Beijing may be focusing on the wrong problems. The United States—especially as seen from the outside—is a volcano of creativity, generated by both local citizens and foreign residents, and it is clear that recent immigrants from China’s top universities have had no trouble once they moved to the U.S. in creating their share of successful tech companies. This is probably because what makes an economy “creative” is not its culture or the amount of government support innovation receives, but rather a nebulous set of social, legal, financial and cultural institutions that reward one kind of behavior more than another.
Among these institutions are legal transparency and intellectual property rights, neither of which in China are sufficiently respected. It probably isn’t an accident that American literature only exploded after copyright rules for American book publishers were more forcefully implemented in the one or two decades just before the Civil War, or that popular American music really took off only after the establishment of stricter music copyright in the 1890s. China’s lack of creativity, in other words, is not intrinsic to Chinese culture but simply reflects weak institutional fostering of creative behavior—and while it is admirable that local governments are trying so hard to change conditions, they may be focusing on the wrong things.
It is probably true, for example, that the American financial system is a factor in American high-tech success, but only because it has evolved to accommodate an already healthy underlying process. China has seized upon American financial sophistication as fundamental to its high-tech success. It is mimicking the complex structure of venture capital and private equity that characterizes the part of the U.S. financial system friendliest to high-tech entrepreneurs, but it is doing so mainly because centralized authority, ample liquidity, and a submissive banking system make this easy to do. Even if they succeed, it probably won’t matter. Finance did not create Silicon Valley.

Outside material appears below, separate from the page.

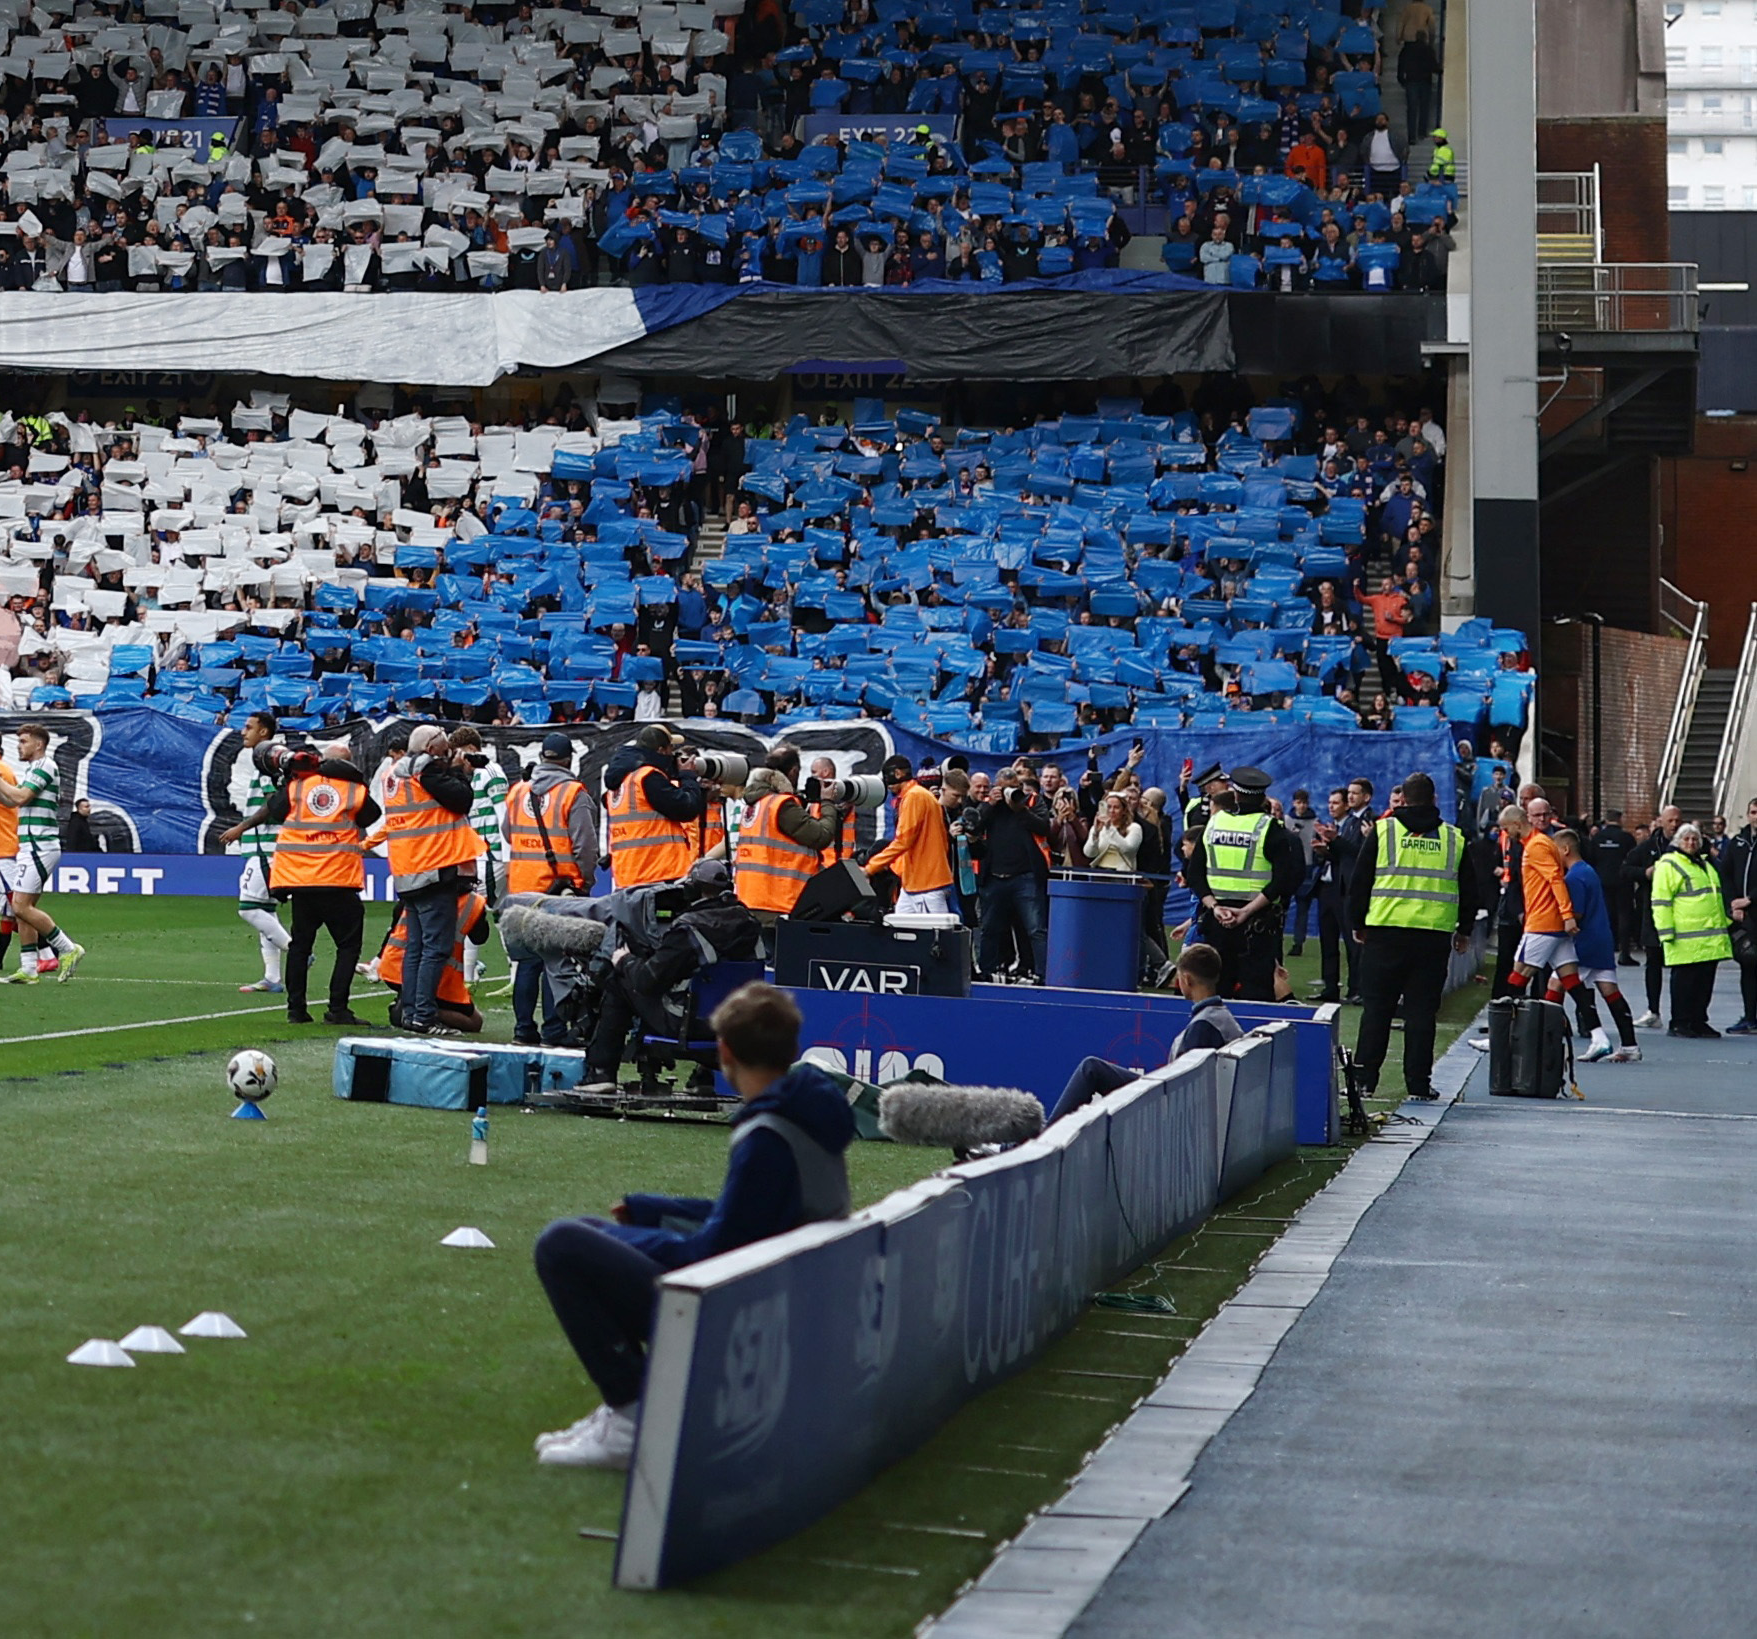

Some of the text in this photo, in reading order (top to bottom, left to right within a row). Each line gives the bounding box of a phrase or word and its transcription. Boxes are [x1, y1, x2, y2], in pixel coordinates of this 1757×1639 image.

[1212, 831, 1251, 846] POLICE
[1400, 838, 1441, 852] GARRION
[818, 966, 910, 995] VAR

Beijing has decided that friendlier banks, ample office space and streamlined bureaucracy will set off an explosion of innovative entrepreneurialism, but this risks a serious misreading of history. Even the experience of industries boosters point to when they want to prove China has become a creative power—like smartphone technology and related applications, where Chinese innovation is as good as or better than that of any other country—don’t support current policies.
These policies hope to replicate China’s earlier policy-driven economic successes that resulted in the country’s surging manufacturing prowess, but these earlier successes tell us little about its potential to get innovation right. Centralized decision-making backed by ample credit can get factories built and railroads extended, but economies driven by innovation have required complex and delicate webs of interlocked institutions, including, beyond some point, benign neglect, and China’s limited successes merely confirm that China is no different.

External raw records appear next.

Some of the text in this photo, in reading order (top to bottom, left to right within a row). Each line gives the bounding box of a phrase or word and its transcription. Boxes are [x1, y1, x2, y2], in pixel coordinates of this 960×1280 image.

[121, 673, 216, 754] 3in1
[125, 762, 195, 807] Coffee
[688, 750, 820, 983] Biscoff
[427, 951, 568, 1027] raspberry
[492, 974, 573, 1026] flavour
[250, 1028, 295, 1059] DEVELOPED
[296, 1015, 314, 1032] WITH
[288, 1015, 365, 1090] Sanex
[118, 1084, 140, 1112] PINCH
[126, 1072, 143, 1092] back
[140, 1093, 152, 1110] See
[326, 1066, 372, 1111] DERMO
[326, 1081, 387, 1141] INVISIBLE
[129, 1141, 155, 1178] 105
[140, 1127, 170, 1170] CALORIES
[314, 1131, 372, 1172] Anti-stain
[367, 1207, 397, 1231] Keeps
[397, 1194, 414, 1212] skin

Smartphone technology fostered creativity and innovation in part because the Chinese retail sector was so inefficient that, while policymakers worked out their plans for its improvement, entrepreneurs ignored them and simply leap-frogged into the future of internet shopping. The most creative of its artists benefitted from some amount of benign neglect. While the art establishment argued over which cultural stereotypes would best represent China, it was in the margins the establishment did not recognize as “Chinese” that young urban Chinese developed some of the most interesting music and fashion scenes in the world.

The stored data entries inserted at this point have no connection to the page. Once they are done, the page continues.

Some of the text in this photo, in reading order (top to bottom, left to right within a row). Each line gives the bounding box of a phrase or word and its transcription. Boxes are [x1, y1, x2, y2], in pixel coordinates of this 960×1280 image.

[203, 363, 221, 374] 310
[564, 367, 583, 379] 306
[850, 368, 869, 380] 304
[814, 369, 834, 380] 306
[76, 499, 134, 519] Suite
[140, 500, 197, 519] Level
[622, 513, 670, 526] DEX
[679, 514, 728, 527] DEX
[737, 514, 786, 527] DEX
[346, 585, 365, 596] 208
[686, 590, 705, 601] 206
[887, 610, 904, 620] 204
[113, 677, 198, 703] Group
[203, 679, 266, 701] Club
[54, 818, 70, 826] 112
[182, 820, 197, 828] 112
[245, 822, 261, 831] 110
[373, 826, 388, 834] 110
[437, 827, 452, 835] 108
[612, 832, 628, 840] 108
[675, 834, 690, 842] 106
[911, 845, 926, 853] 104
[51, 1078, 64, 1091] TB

It is likely that if China becomes a power in science, technology and culture—which is not at all certain—it will continue to do so in unexpected ways. The complex and nebulous set of institutions that might foster creativity in China is unlikely to have the same structure that it does in the U.S., and is even more unlikely to be susceptible to policy management. Whether or not it emerges is an open question, and will inevitably rely in part on following the lead of its most creative sectors, something we will address in the next issue of this column.